ASSIGNED TASK → The whole listing is to be restated word for word with no images.
**** RECORDS SUPPLIED ****
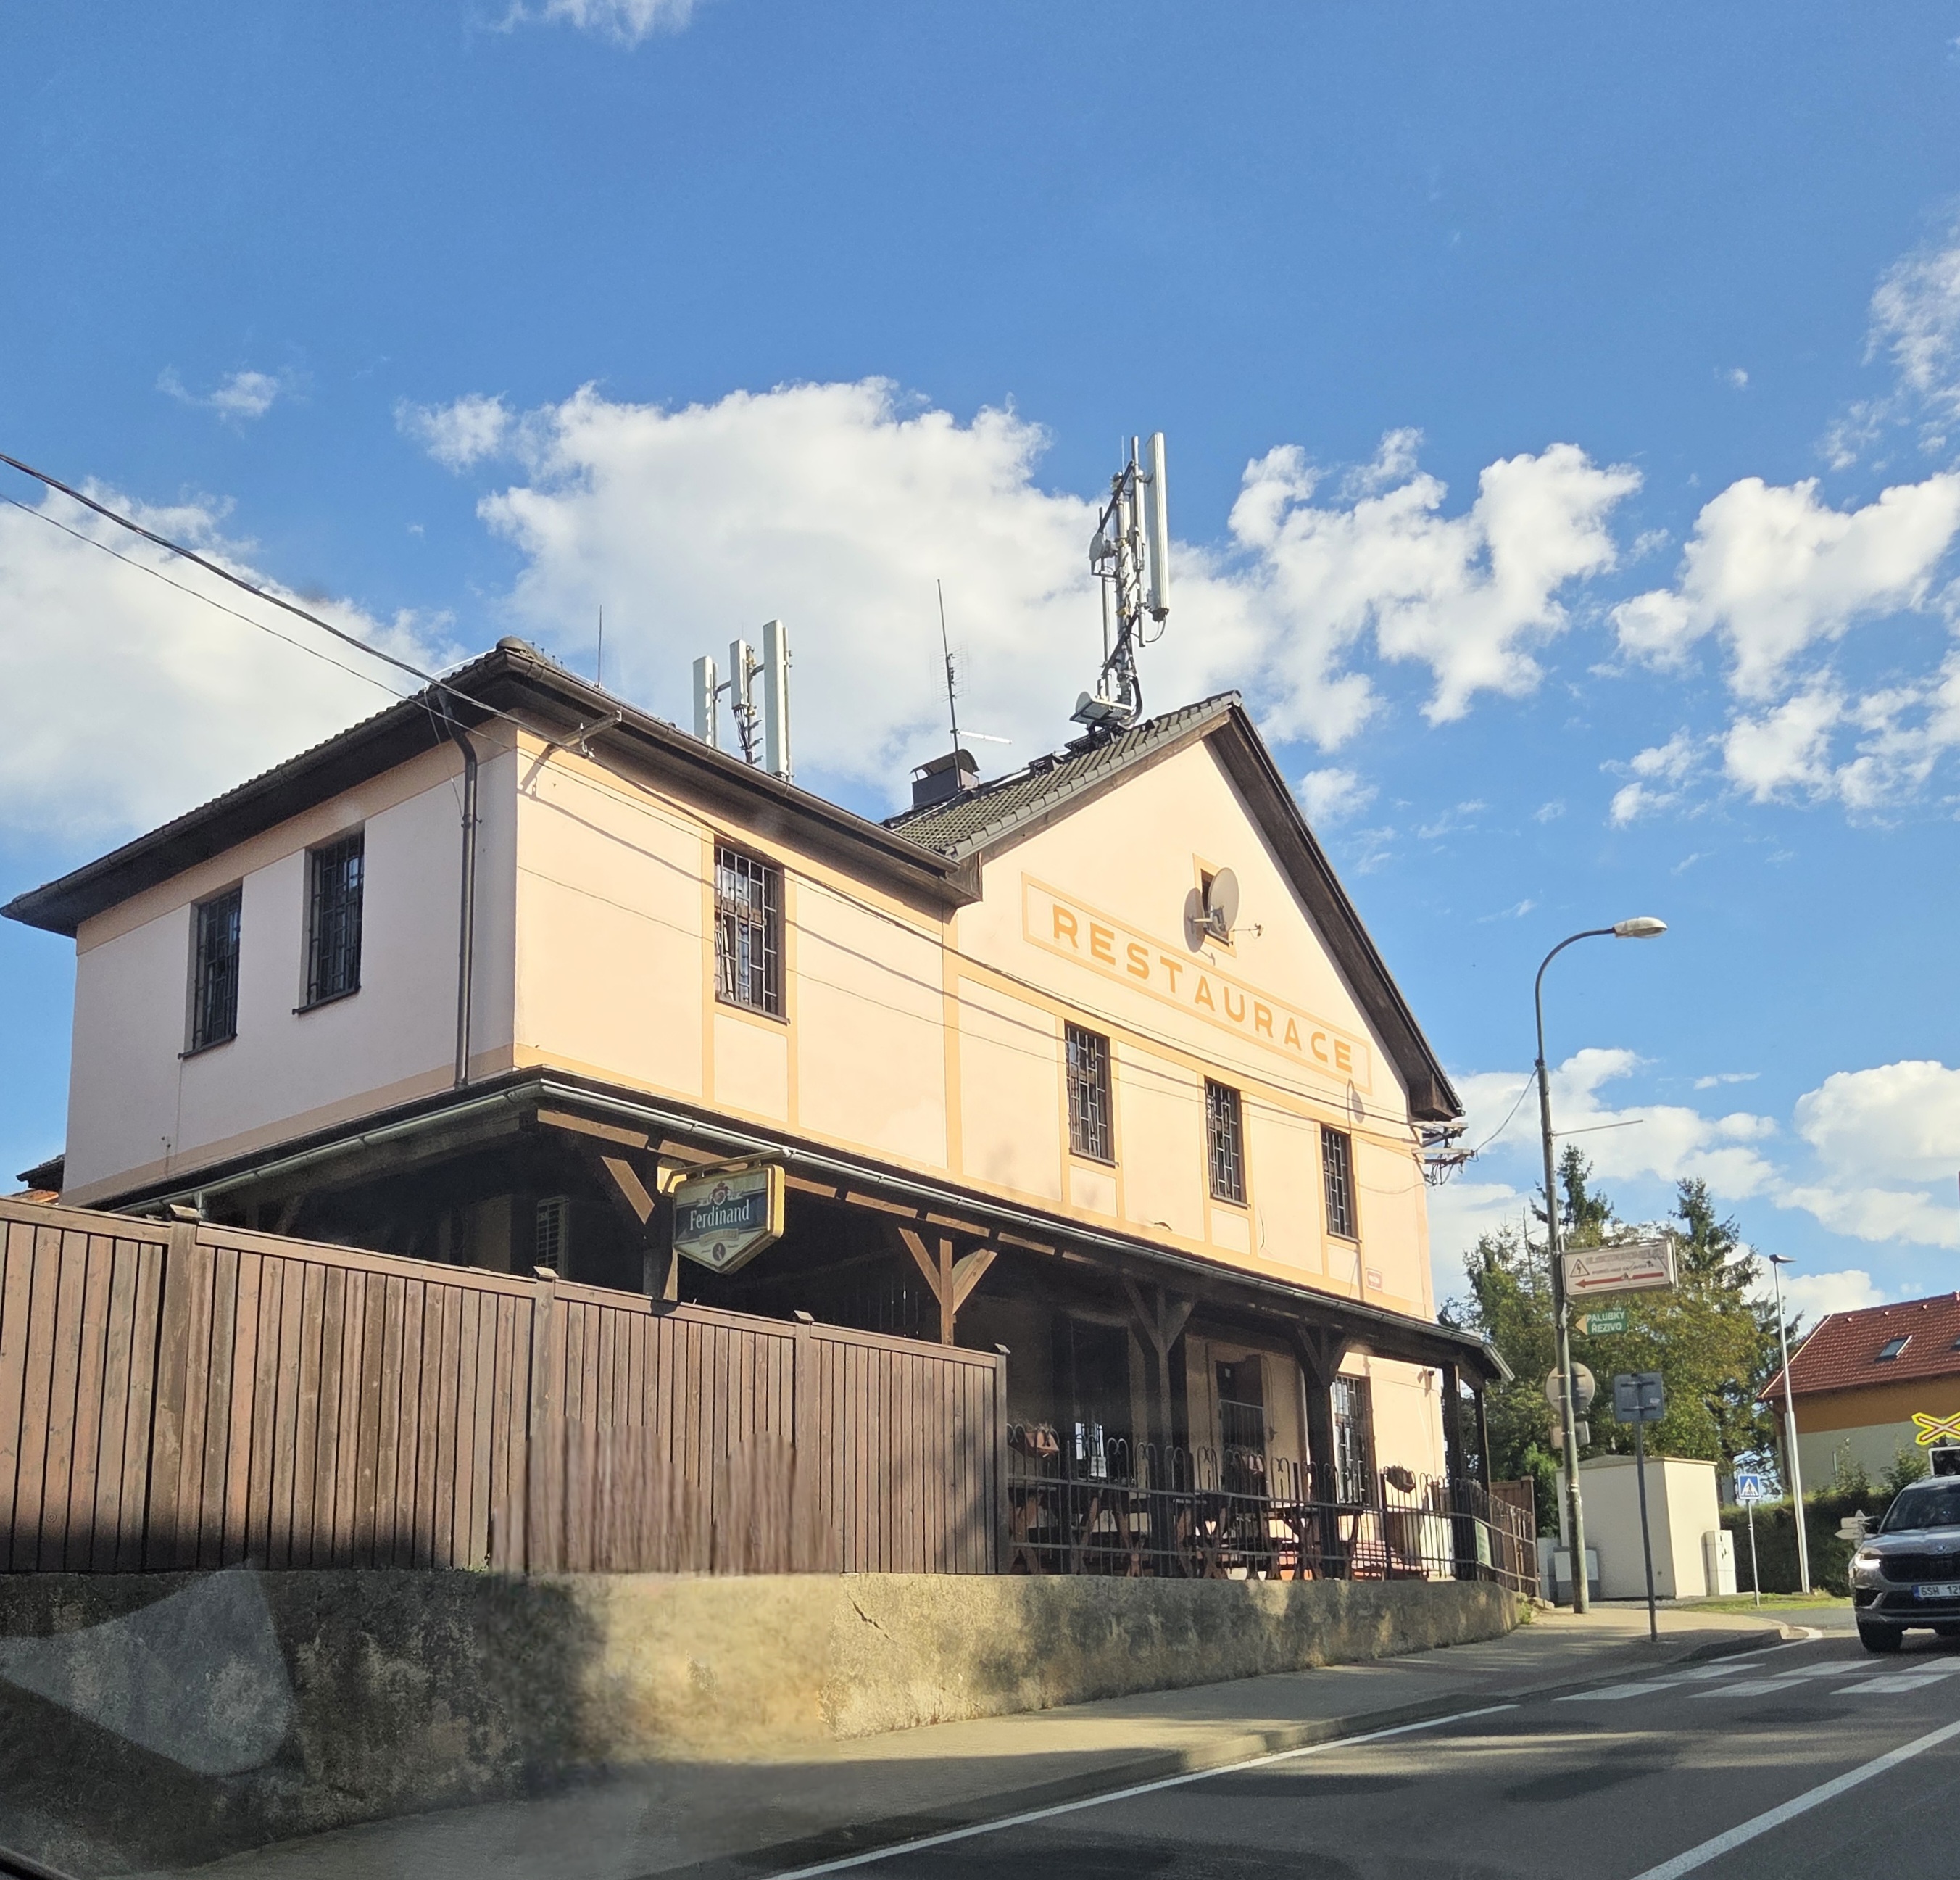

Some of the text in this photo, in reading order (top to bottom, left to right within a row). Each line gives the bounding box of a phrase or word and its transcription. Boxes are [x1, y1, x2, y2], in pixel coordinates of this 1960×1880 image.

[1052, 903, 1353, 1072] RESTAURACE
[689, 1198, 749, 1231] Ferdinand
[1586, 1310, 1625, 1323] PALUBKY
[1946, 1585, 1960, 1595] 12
****
EXERCISE OUTPUT →
Some of the text in this photo, in reading order (top to bottom, left to right within a row). Each line gives the bounding box of a phrase or word and its transcription. Boxes are [x1, y1, x2, y2], in pixel coordinates of this 1960×1880 image.

[1052, 903, 1353, 1072] RESTAURACE
[689, 1198, 749, 1231] Ferdinand
[1586, 1310, 1625, 1323] PALUBKY
[1946, 1585, 1960, 1595] 12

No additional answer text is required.